Problem description:
The text of every record, exactly as given and with no pictures, should be your output.

Dataset excerpts:
↓

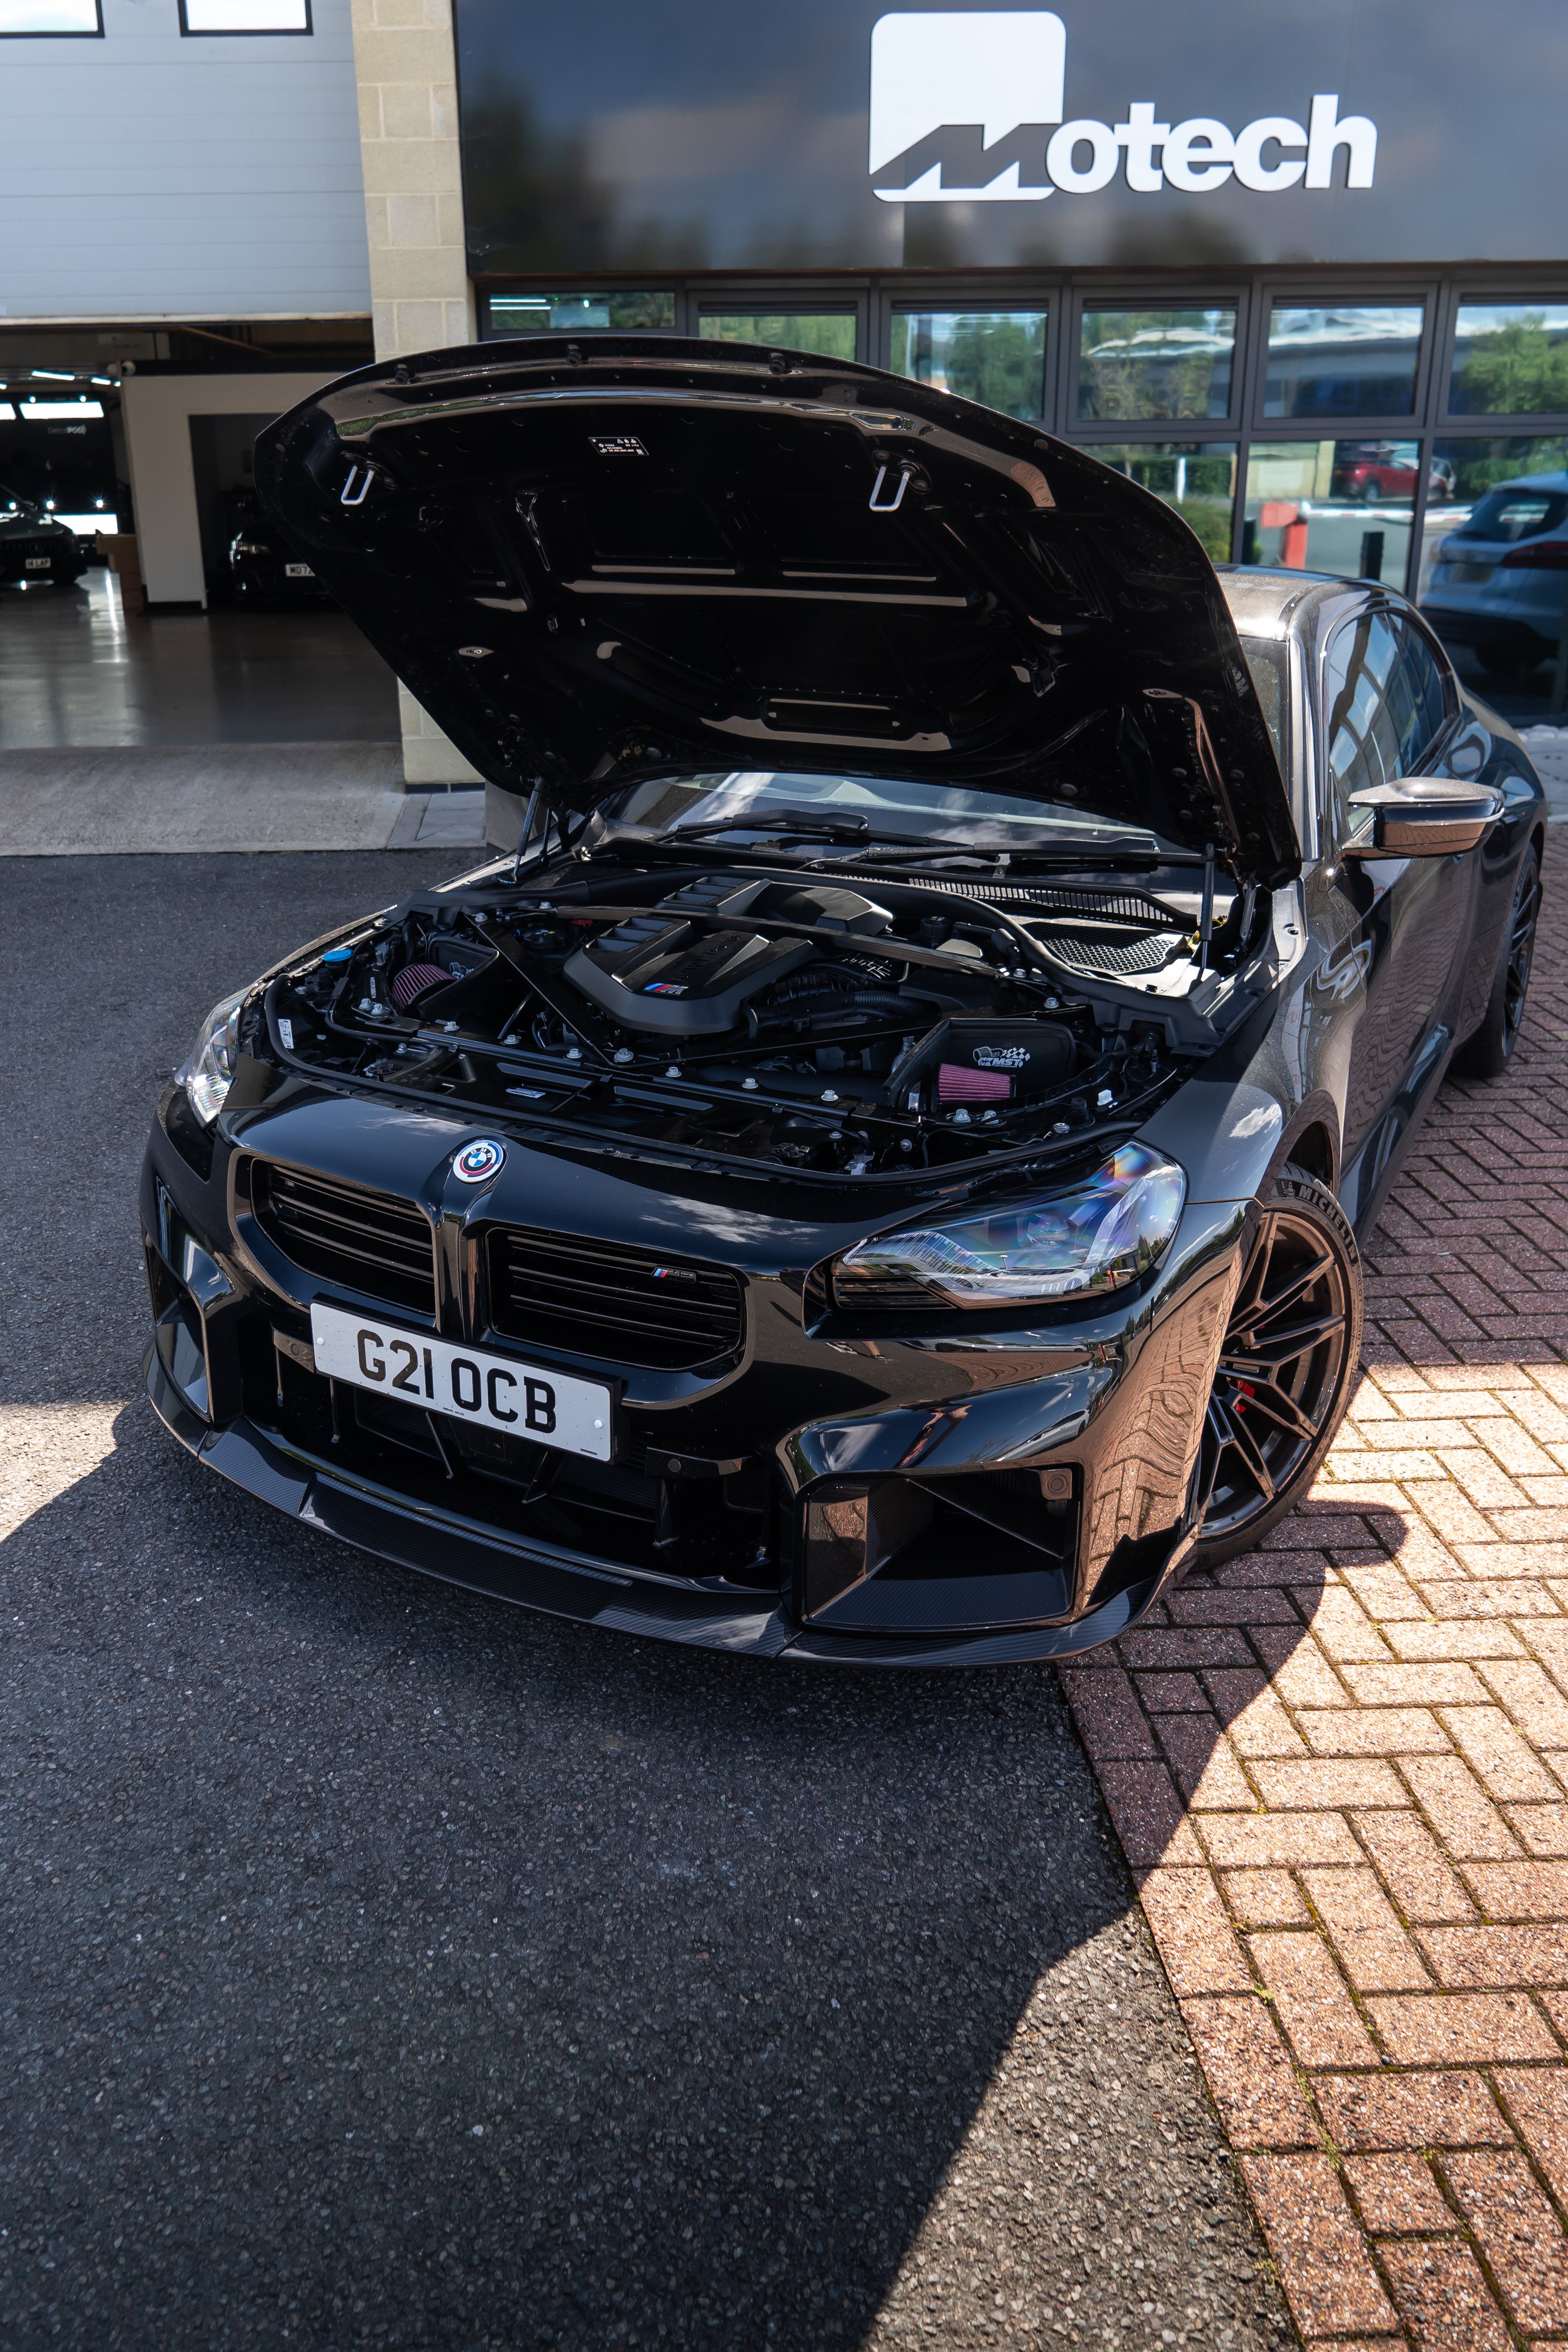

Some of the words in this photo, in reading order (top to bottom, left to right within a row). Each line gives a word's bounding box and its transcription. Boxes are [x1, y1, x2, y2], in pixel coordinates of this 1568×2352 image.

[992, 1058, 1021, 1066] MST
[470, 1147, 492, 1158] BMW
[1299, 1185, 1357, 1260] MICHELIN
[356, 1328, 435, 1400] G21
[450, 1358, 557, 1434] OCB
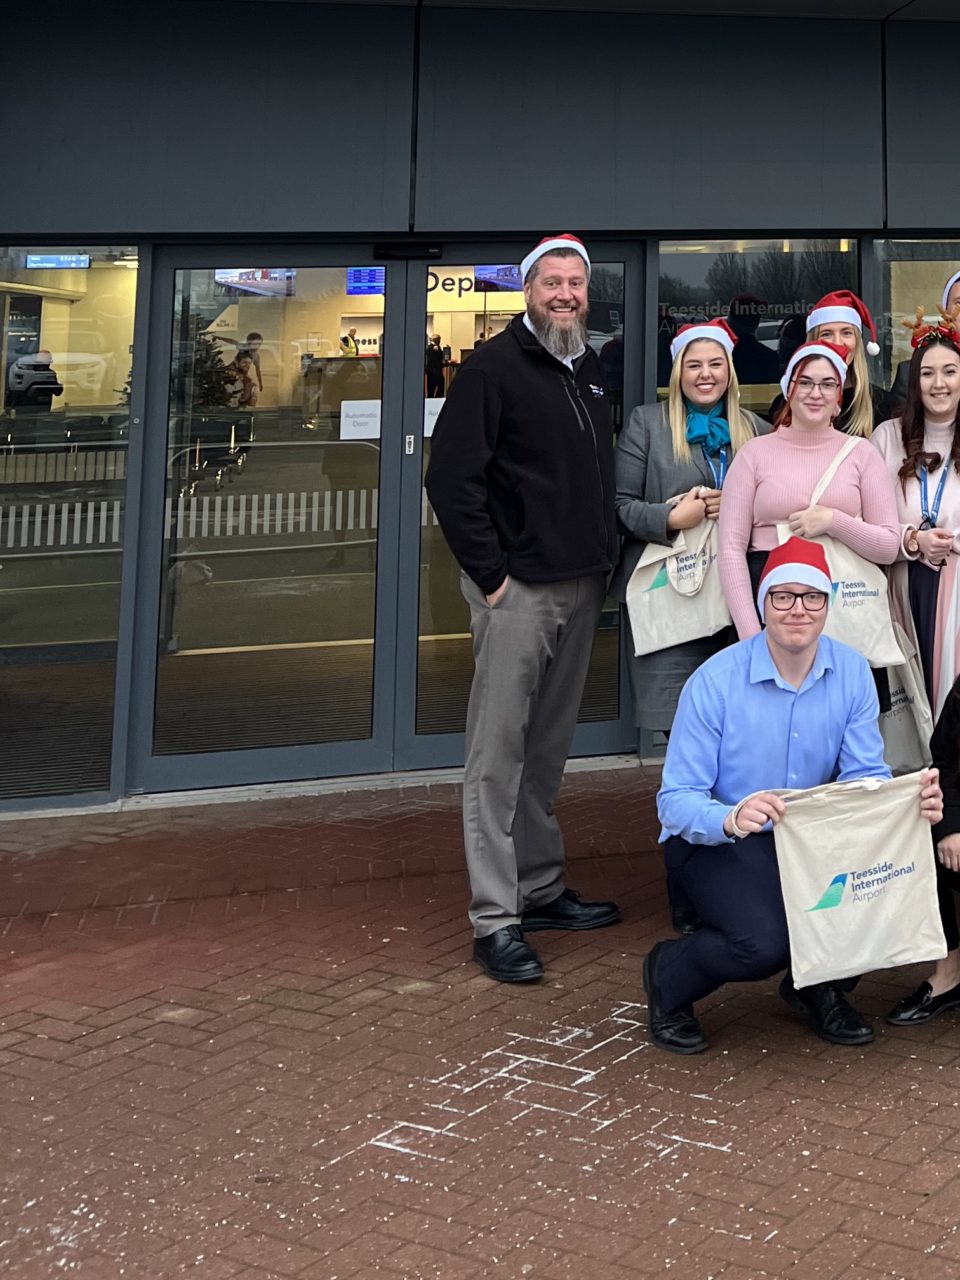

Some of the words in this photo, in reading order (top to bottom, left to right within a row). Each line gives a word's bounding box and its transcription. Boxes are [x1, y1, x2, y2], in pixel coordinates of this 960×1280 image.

↑

Answer section:
Some of the words in this photo, in reading order (top to bottom, left to right within a row). Each line gives a word's bounding box and its transcription. Boxes are [x1, y1, x2, y2], in pixel coordinates of this 1568×2352 image.

[992, 1058, 1021, 1066] MST
[470, 1147, 492, 1158] BMW
[1299, 1185, 1357, 1260] MICHELIN
[356, 1328, 435, 1400] G21
[450, 1358, 557, 1434] OCB

Some of the words in this photo, in reading order (top to bottom, left to right within a row). Each line gives a word's bounding box and its transcription. Boxes are [x1, y1, x2, y2], in pixel coordinates of this 960×1280 image.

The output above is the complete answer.